Vier Monate sorgfältige Vorbereitung

Zwischen dem Erstkontakt des Patienten und der Operation lagen rund vier Monate intensiver Planung. Die Phase umfasste detaillierte Diagnostik, interdisziplinäre und ethische Fallbesprechungen, digitale Implantatplanung, Abstimmung mit dem Hersteller sowie organisatorische und logistische Koordination. Die eigentliche Operation dauerte etwa eine Stunde und verlief ohne Komplikationen und planmäßig. 
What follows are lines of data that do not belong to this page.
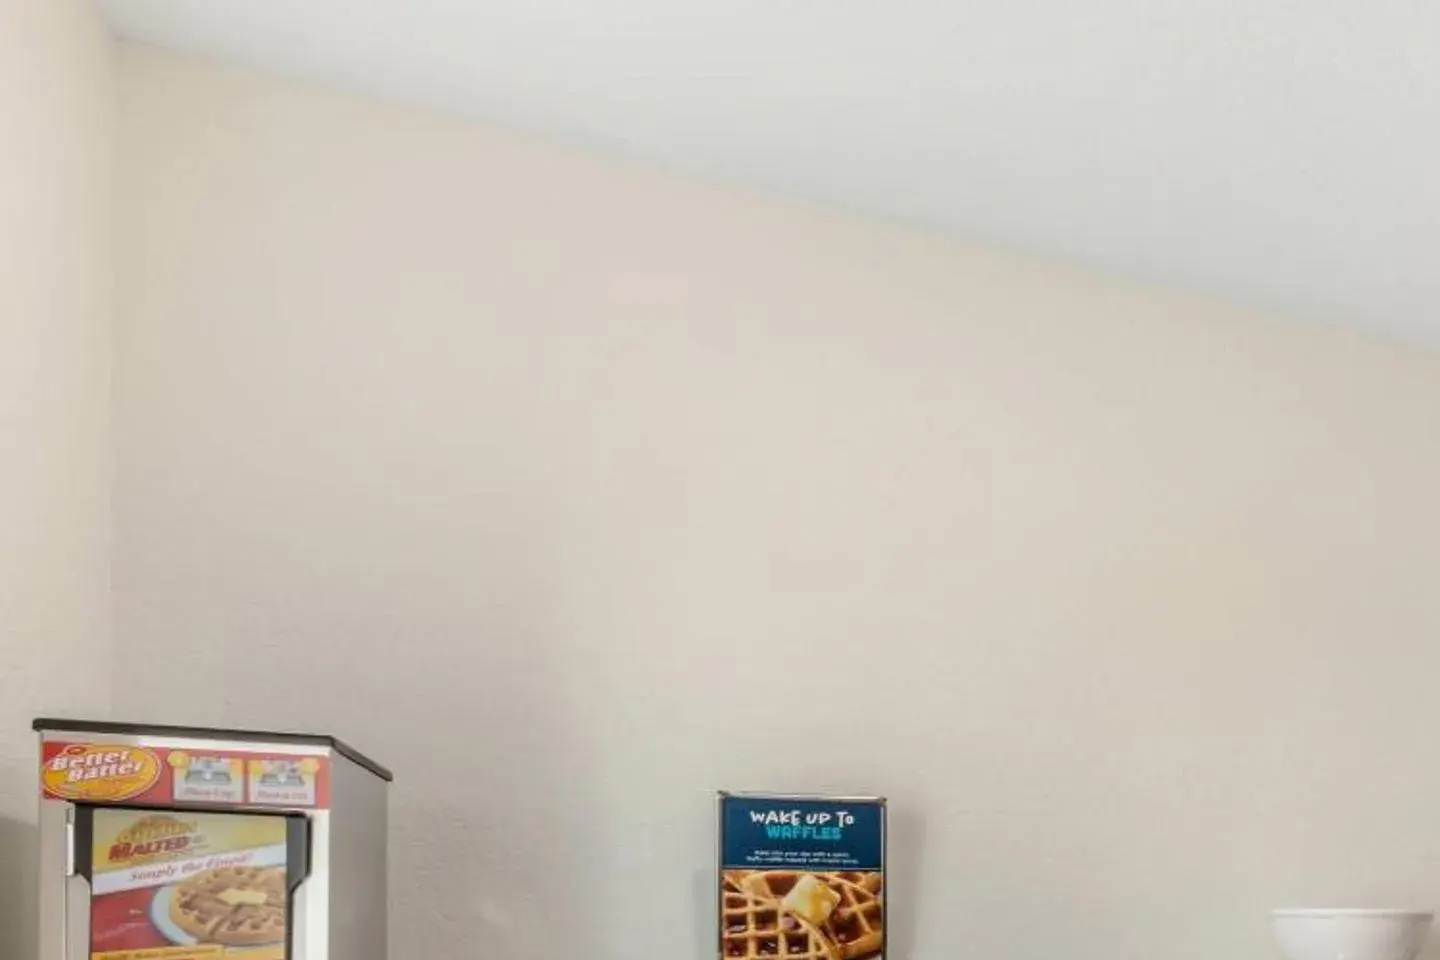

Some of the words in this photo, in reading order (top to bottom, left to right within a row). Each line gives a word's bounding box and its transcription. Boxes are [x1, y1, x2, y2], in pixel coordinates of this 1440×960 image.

[750, 809, 802, 826] WAKE
[805, 811, 832, 824] UP
[766, 825, 842, 840] WAFFLES
[108, 836, 190, 863] MALTED
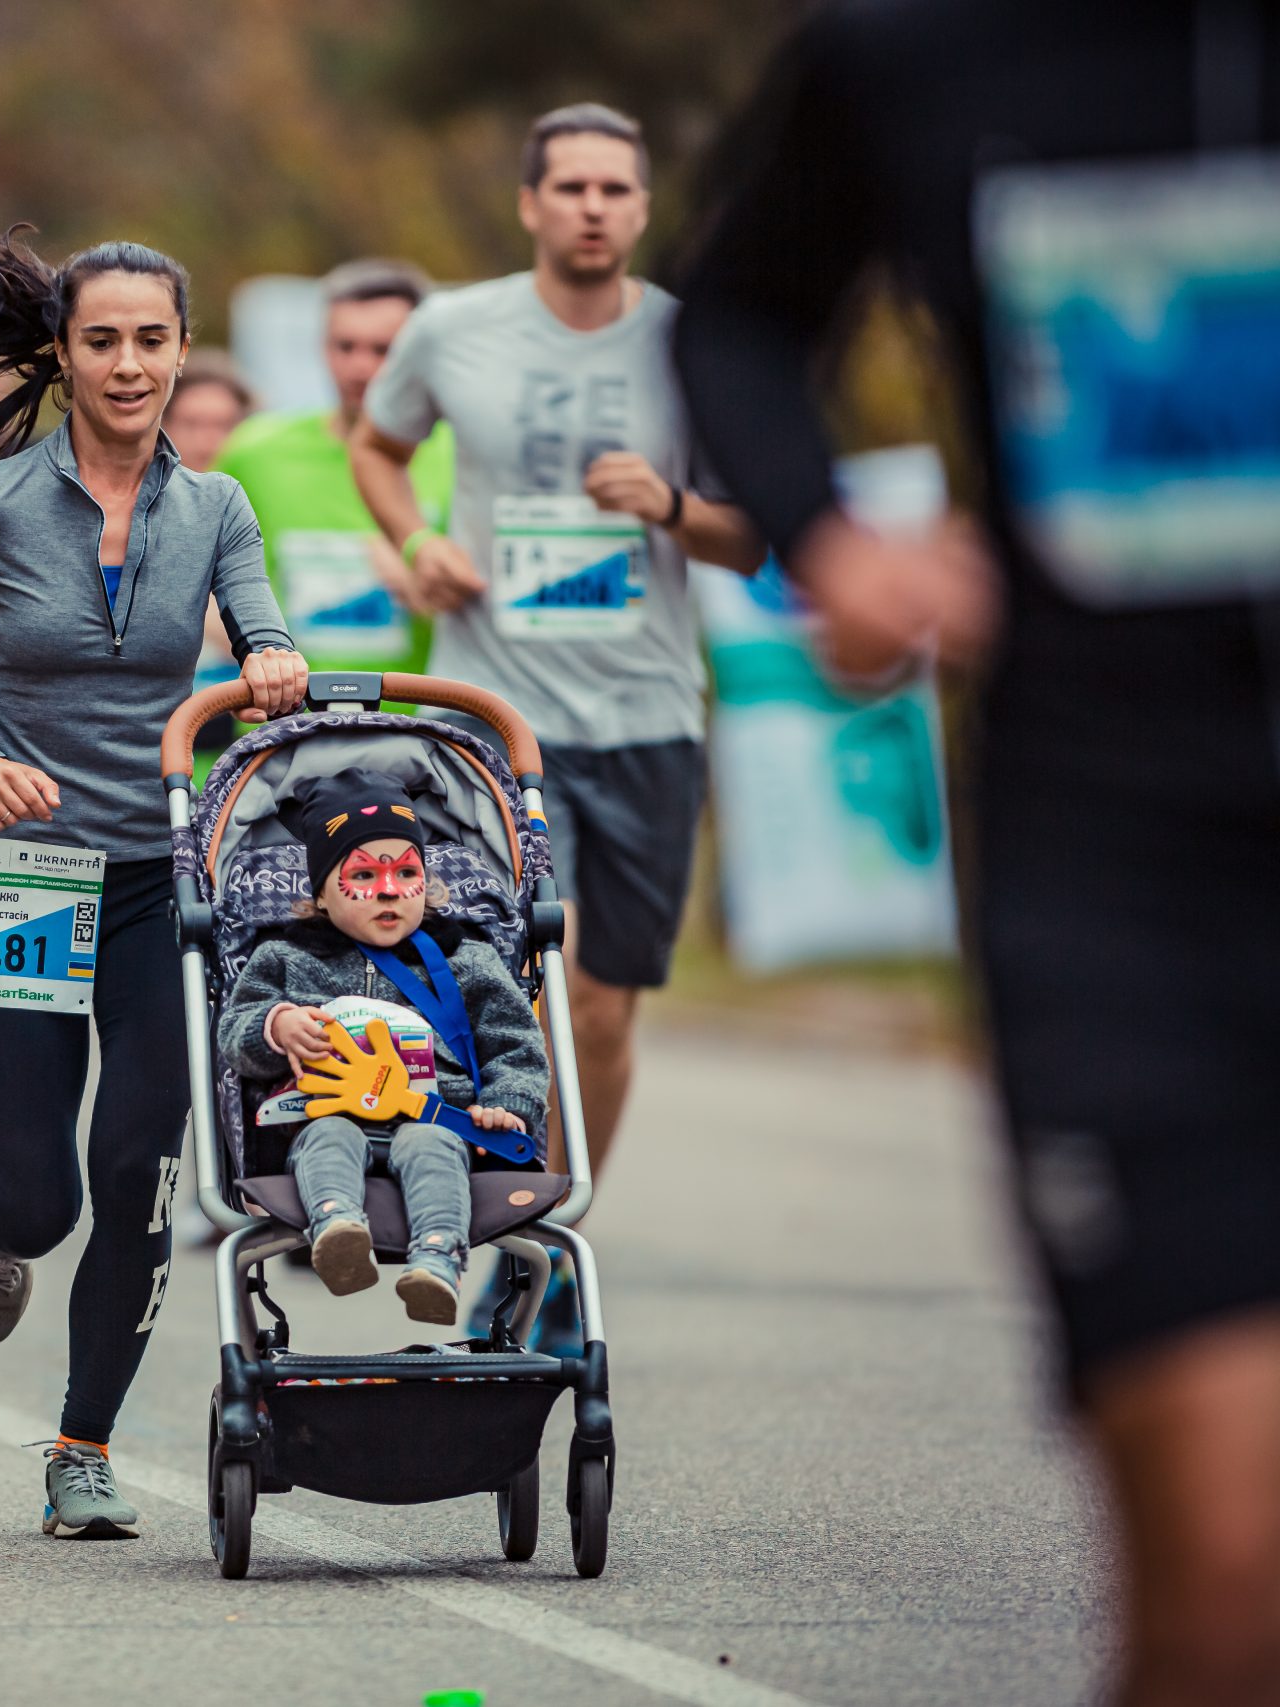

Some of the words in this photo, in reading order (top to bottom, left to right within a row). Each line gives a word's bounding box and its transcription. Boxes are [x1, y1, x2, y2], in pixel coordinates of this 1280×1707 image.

[34, 853, 100, 869] UKRNAFTA
[424, 848, 454, 866] ECT
[448, 876, 501, 899] TRUS
[437, 901, 497, 917] OVE
[280, 1100, 305, 1111] STAR
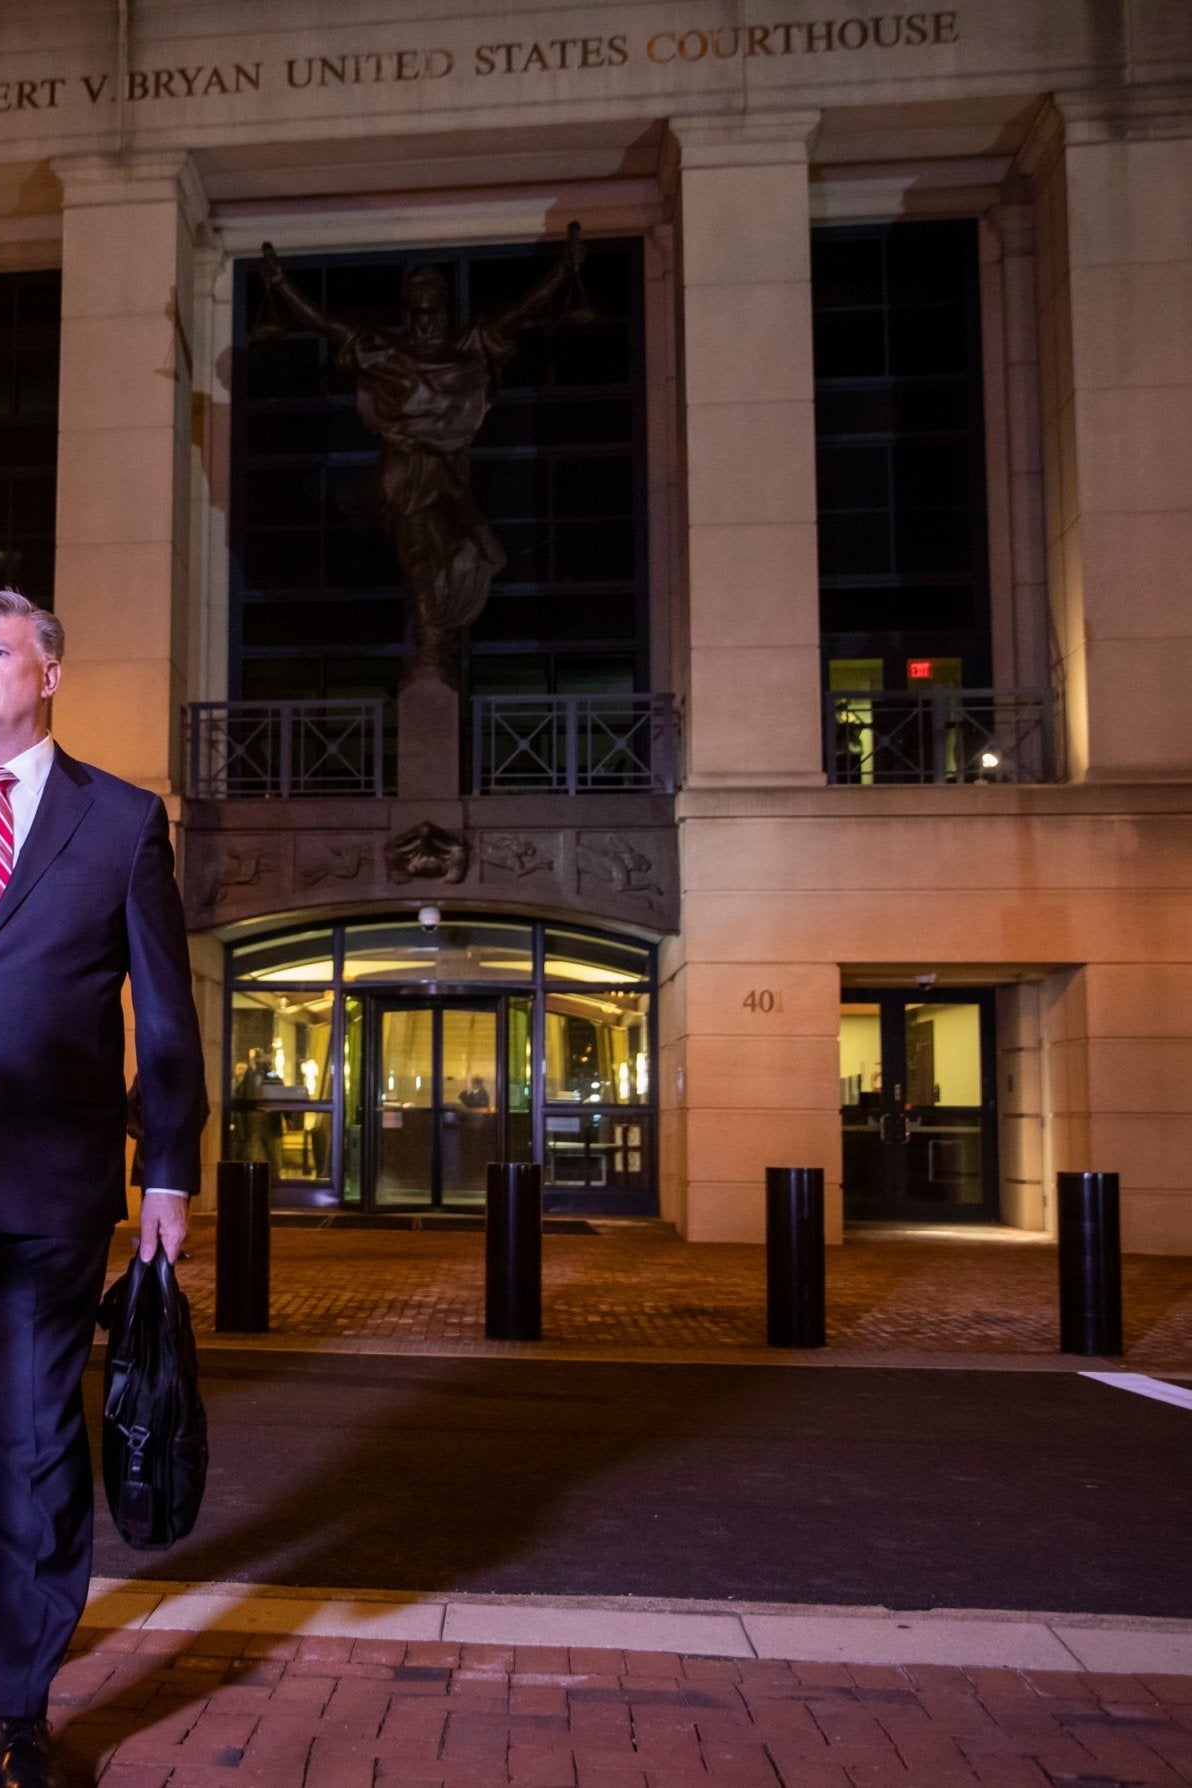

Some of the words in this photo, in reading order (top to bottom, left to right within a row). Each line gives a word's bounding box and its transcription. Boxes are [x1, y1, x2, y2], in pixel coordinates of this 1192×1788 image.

[126, 61, 263, 101] BRYAN
[285, 48, 455, 89] UNITED
[474, 35, 629, 76] STATES
[646, 11, 959, 64] COURTHOUSE
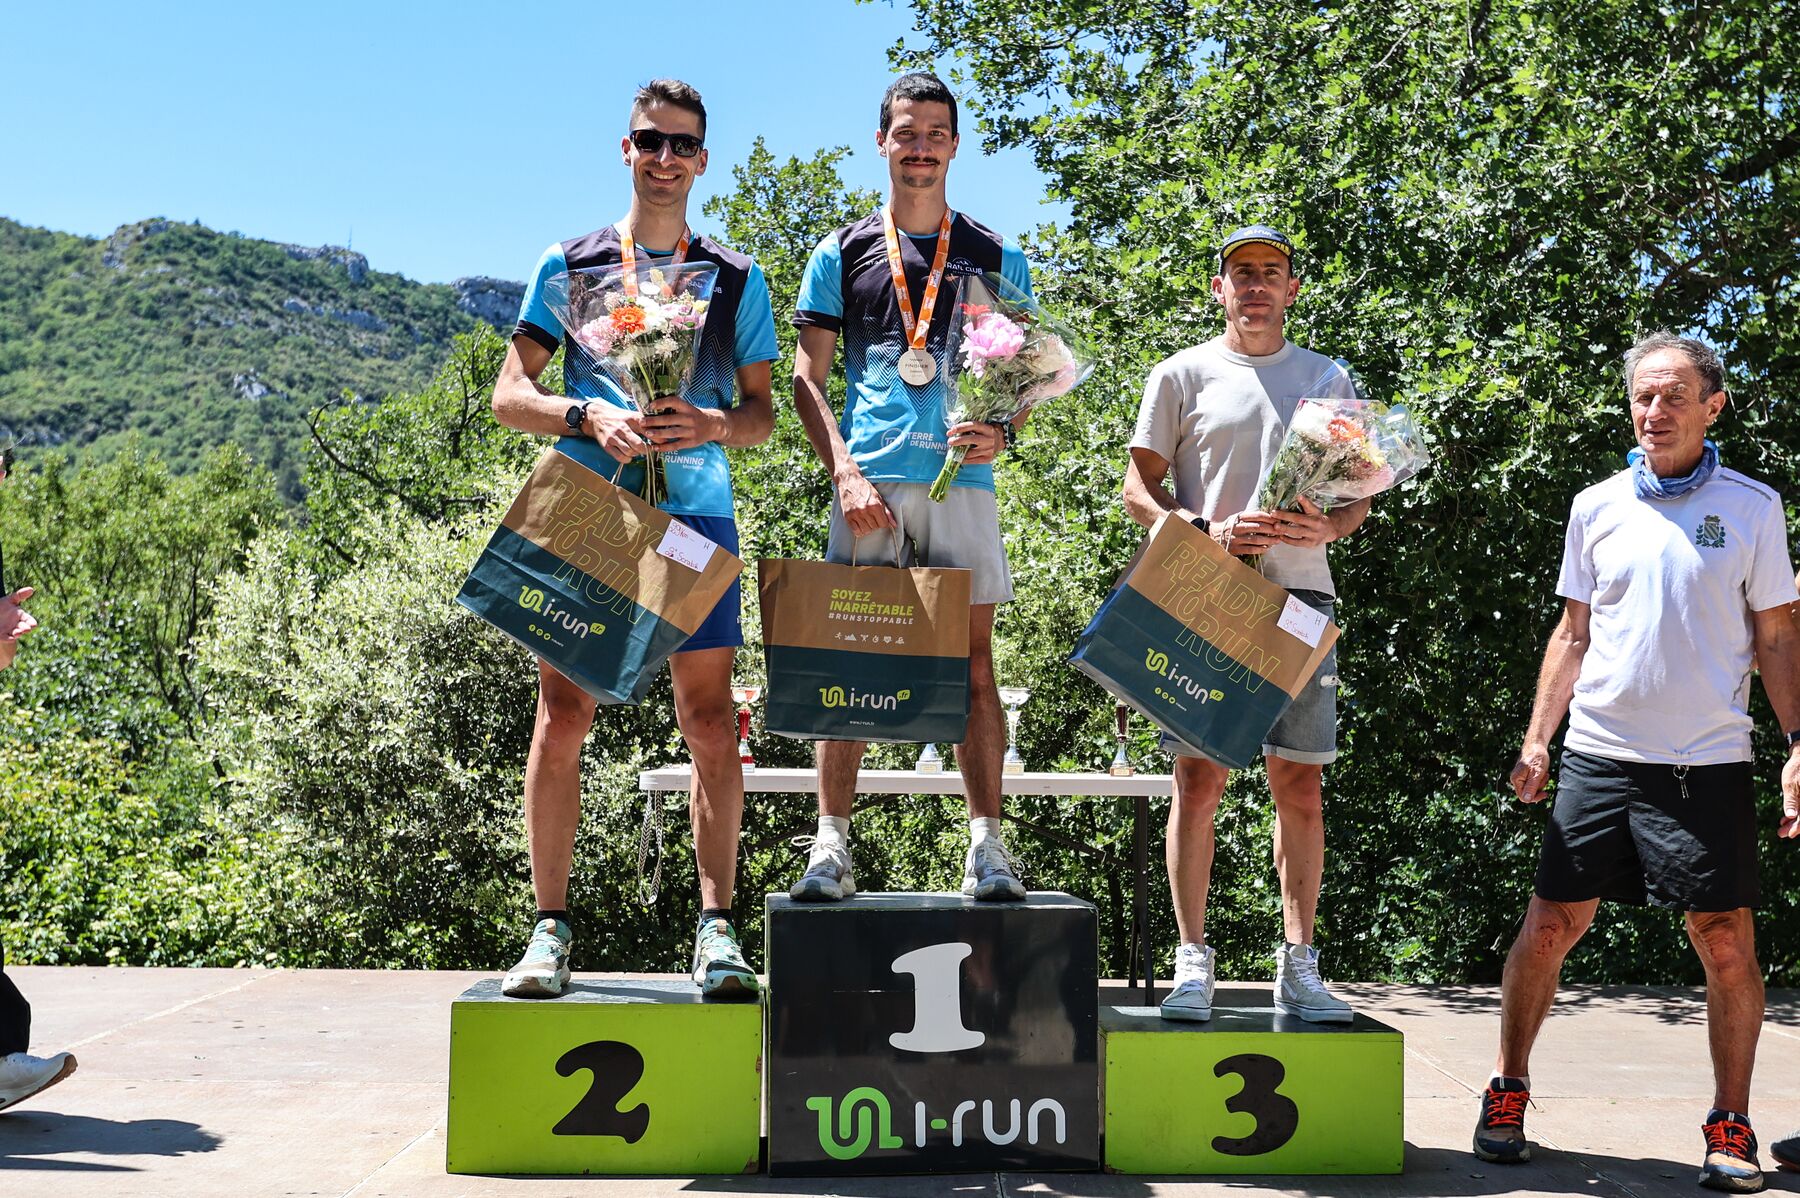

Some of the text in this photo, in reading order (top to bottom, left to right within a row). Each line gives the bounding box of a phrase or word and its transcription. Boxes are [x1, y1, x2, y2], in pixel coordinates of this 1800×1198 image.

[965, 266, 983, 275] CLUB
[664, 455, 705, 465] RUNNING
[907, 432, 934, 441] TERRE
[537, 475, 663, 558] READY
[553, 542, 661, 624] RUN
[828, 613, 914, 625] #RUNSTOPPABLE
[829, 601, 914, 616] INARRÊTABLE
[831, 588, 872, 602] SOYEZ
[1162, 540, 1280, 629] READY
[1175, 609, 1281, 693] RUN
[889, 942, 985, 1052] 1
[552, 1040, 651, 1143] 2
[1210, 1053, 1300, 1156] 3
Bereits wenige Tage nach dem Eingriff zeigte der Patient erste funktionelle Fortschritte und das Gelenk kann zunehmend bewegt werden. Die ersten Schritte unter beschwerdeabhängiger Vollbelastung wurden bereits nach einer Woche erfolgreich absolviert und die Schmerzen sind jetzt bereits geringer als vor der Operation. Das Verfahren ermöglicht eine Wiederherstellung der Stabilität bei gleichzeitiger Erhaltung der Beweglichkeit, ein entscheidender Vorteil gegenüber herkömmlichen Methoden wie z.B. der Versteifung.

Medizinischer Fortschritt für die Region

Mit diesem erfolgreichen Eingriff wird die wichtige Rolle des Malteser Fördeklinikum St. Katharina am Standort Knuthstraße in der spezialisierten Fuß- und Sprunggelenkchirurgie deutlich. Der patientenspezifische 3D-Titanersatz zeigt, wie moderne digitale Planung, internationale Kooperation und chirurgische Expertise zusammenwirken, um selbst bei komplexen Schädigungen funktionserhaltende Lösungen zu ermöglichen.